DATA —
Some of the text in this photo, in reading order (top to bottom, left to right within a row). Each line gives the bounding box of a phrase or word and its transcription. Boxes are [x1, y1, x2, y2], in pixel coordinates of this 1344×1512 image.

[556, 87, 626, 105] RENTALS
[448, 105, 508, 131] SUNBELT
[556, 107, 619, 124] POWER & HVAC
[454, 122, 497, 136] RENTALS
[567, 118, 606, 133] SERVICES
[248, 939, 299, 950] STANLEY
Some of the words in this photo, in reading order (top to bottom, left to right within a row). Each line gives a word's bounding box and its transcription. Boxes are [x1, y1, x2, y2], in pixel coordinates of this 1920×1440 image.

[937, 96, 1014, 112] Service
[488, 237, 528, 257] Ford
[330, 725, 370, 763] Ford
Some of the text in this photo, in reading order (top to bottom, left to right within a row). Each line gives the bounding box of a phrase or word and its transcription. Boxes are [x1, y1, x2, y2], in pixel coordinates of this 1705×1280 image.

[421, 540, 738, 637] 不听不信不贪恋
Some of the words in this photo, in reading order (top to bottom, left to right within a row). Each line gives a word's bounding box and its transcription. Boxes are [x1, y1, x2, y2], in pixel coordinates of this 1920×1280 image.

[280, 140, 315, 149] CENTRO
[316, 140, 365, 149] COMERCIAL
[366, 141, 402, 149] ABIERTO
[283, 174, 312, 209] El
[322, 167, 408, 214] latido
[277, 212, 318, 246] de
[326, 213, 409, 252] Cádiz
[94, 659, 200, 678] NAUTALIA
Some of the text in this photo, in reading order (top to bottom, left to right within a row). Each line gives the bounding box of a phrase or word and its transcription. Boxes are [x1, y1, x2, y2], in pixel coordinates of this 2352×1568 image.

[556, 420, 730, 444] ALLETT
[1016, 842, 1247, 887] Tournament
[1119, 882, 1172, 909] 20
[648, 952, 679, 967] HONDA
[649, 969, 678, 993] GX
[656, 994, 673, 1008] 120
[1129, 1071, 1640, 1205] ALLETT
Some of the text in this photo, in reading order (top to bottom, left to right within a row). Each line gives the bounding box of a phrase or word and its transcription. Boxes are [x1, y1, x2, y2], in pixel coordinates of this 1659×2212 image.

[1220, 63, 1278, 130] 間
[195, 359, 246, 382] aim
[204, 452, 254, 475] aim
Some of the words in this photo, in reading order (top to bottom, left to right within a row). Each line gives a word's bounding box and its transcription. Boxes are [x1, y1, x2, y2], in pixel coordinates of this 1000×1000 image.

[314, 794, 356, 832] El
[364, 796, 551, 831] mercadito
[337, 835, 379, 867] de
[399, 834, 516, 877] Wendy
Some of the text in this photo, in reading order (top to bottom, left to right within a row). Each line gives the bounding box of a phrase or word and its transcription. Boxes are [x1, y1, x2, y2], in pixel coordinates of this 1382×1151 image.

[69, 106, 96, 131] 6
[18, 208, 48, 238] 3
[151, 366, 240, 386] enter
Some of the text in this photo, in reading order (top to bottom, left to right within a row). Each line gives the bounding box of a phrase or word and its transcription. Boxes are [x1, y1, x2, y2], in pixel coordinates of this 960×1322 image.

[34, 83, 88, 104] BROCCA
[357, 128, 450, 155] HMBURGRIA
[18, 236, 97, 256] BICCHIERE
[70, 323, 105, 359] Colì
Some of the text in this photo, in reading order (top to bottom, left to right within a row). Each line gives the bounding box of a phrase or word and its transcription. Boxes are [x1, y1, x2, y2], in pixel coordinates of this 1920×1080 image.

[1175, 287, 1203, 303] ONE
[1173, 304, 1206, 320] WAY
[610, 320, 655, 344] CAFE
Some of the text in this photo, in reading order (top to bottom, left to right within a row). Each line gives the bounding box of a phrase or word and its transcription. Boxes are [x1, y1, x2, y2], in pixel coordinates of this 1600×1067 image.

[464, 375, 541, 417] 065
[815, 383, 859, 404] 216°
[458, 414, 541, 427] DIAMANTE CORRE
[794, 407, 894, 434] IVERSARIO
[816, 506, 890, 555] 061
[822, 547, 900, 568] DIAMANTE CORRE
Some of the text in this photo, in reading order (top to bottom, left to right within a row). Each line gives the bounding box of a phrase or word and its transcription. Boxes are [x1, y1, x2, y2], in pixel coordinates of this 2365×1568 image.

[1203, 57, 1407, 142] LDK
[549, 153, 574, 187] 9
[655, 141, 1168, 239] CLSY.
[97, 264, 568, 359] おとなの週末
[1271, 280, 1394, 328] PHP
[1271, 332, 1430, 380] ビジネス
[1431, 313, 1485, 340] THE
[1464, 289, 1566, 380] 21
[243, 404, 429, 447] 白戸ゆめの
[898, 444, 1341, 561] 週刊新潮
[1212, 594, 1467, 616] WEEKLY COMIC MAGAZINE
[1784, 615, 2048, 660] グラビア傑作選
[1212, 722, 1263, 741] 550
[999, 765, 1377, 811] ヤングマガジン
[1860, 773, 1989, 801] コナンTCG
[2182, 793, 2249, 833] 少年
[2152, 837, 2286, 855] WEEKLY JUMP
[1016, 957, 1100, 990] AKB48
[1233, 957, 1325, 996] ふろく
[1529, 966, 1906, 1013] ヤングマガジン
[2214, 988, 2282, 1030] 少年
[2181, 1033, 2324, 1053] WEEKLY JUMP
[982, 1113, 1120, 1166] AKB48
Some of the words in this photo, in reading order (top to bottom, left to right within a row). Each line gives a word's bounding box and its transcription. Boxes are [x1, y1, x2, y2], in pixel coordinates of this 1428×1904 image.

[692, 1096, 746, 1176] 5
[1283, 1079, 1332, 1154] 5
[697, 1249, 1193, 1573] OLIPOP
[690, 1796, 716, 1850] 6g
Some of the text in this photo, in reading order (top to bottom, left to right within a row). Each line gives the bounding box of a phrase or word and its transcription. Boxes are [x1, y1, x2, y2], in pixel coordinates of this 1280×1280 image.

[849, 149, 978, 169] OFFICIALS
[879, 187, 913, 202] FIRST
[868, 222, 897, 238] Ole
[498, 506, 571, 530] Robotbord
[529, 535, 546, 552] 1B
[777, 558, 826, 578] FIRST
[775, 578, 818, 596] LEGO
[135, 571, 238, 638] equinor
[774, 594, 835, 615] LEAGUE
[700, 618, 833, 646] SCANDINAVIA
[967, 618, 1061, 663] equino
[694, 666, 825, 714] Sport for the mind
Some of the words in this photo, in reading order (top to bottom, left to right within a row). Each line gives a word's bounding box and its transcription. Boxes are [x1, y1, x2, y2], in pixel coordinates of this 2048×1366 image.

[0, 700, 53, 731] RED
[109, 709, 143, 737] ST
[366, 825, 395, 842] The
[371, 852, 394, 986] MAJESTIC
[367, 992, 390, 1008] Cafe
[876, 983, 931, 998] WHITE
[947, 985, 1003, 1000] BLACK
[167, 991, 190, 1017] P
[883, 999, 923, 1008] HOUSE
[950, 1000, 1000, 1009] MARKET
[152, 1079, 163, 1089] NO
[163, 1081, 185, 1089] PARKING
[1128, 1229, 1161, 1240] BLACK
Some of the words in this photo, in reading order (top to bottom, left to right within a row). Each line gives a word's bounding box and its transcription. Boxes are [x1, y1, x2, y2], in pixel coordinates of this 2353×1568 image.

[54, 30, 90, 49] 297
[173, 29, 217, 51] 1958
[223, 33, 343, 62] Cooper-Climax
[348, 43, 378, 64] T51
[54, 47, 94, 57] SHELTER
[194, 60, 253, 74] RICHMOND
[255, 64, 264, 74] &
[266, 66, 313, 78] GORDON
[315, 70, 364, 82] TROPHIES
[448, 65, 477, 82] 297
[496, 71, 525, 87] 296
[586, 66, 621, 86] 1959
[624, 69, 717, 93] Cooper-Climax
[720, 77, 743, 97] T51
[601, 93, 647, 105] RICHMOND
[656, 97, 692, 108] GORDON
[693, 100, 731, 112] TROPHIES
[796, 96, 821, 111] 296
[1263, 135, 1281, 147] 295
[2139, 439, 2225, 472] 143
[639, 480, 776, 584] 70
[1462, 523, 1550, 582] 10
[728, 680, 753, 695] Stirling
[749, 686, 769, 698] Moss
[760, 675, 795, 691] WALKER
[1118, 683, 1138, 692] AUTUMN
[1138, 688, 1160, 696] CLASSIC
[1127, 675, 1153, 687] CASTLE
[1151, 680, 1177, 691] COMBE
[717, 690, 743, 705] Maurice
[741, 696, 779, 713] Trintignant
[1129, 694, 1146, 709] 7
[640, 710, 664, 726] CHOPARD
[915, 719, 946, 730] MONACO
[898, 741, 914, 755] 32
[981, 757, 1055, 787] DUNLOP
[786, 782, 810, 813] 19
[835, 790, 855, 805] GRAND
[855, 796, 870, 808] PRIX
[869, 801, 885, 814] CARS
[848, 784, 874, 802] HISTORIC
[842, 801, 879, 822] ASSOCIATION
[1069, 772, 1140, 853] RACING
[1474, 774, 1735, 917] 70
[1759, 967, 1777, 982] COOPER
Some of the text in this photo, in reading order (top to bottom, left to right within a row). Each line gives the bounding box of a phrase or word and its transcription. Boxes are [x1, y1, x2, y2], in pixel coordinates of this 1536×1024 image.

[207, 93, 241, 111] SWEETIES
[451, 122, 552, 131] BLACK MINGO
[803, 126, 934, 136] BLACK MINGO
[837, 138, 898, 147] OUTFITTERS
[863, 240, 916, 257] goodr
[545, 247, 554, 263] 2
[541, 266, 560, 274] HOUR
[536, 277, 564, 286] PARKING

EXERCISE GOAL —
Print, exactly as they appear above, the lines running from the one with "this 2353×1568 image." through the final line.

RESPONSE TO THIS TASK —
Some of the words in this photo, in reading order (top to bottom, left to right within a row). Each line gives a word's bounding box and its transcription. Boxes are [x1, y1, x2, y2], in pixel coordinates of this 2353×1568 image.

[54, 30, 90, 49] 297
[173, 29, 217, 51] 1958
[223, 33, 343, 62] Cooper-Climax
[348, 43, 378, 64] T51
[54, 47, 94, 57] SHELTER
[194, 60, 253, 74] RICHMOND
[255, 64, 264, 74] &
[266, 66, 313, 78] GORDON
[315, 70, 364, 82] TROPHIES
[448, 65, 477, 82] 297
[496, 71, 525, 87] 296
[586, 66, 621, 86] 1959
[624, 69, 717, 93] Cooper-Climax
[720, 77, 743, 97] T51
[601, 93, 647, 105] RICHMOND
[656, 97, 692, 108] GORDON
[693, 100, 731, 112] TROPHIES
[796, 96, 821, 111] 296
[1263, 135, 1281, 147] 295
[2139, 439, 2225, 472] 143
[639, 480, 776, 584] 70
[1462, 523, 1550, 582] 10
[728, 680, 753, 695] Stirling
[749, 686, 769, 698] Moss
[760, 675, 795, 691] WALKER
[1118, 683, 1138, 692] AUTUMN
[1138, 688, 1160, 696] CLASSIC
[1127, 675, 1153, 687] CASTLE
[1151, 680, 1177, 691] COMBE
[717, 690, 743, 705] Maurice
[741, 696, 779, 713] Trintignant
[1129, 694, 1146, 709] 7
[640, 710, 664, 726] CHOPARD
[915, 719, 946, 730] MONACO
[898, 741, 914, 755] 32
[981, 757, 1055, 787] DUNLOP
[786, 782, 810, 813] 19
[835, 790, 855, 805] GRAND
[855, 796, 870, 808] PRIX
[869, 801, 885, 814] CARS
[848, 784, 874, 802] HISTORIC
[842, 801, 879, 822] ASSOCIATION
[1069, 772, 1140, 853] RACING
[1474, 774, 1735, 917] 70
[1759, 967, 1777, 982] COOPER
Some of the text in this photo, in reading order (top to bottom, left to right within a row). Each line gives the bounding box of a phrase or word and its transcription. Boxes are [x1, y1, x2, y2], in pixel coordinates of this 1536×1024 image.

[207, 93, 241, 111] SWEETIES
[451, 122, 552, 131] BLACK MINGO
[803, 126, 934, 136] BLACK MINGO
[837, 138, 898, 147] OUTFITTERS
[863, 240, 916, 257] goodr
[545, 247, 554, 263] 2
[541, 266, 560, 274] HOUR
[536, 277, 564, 286] PARKING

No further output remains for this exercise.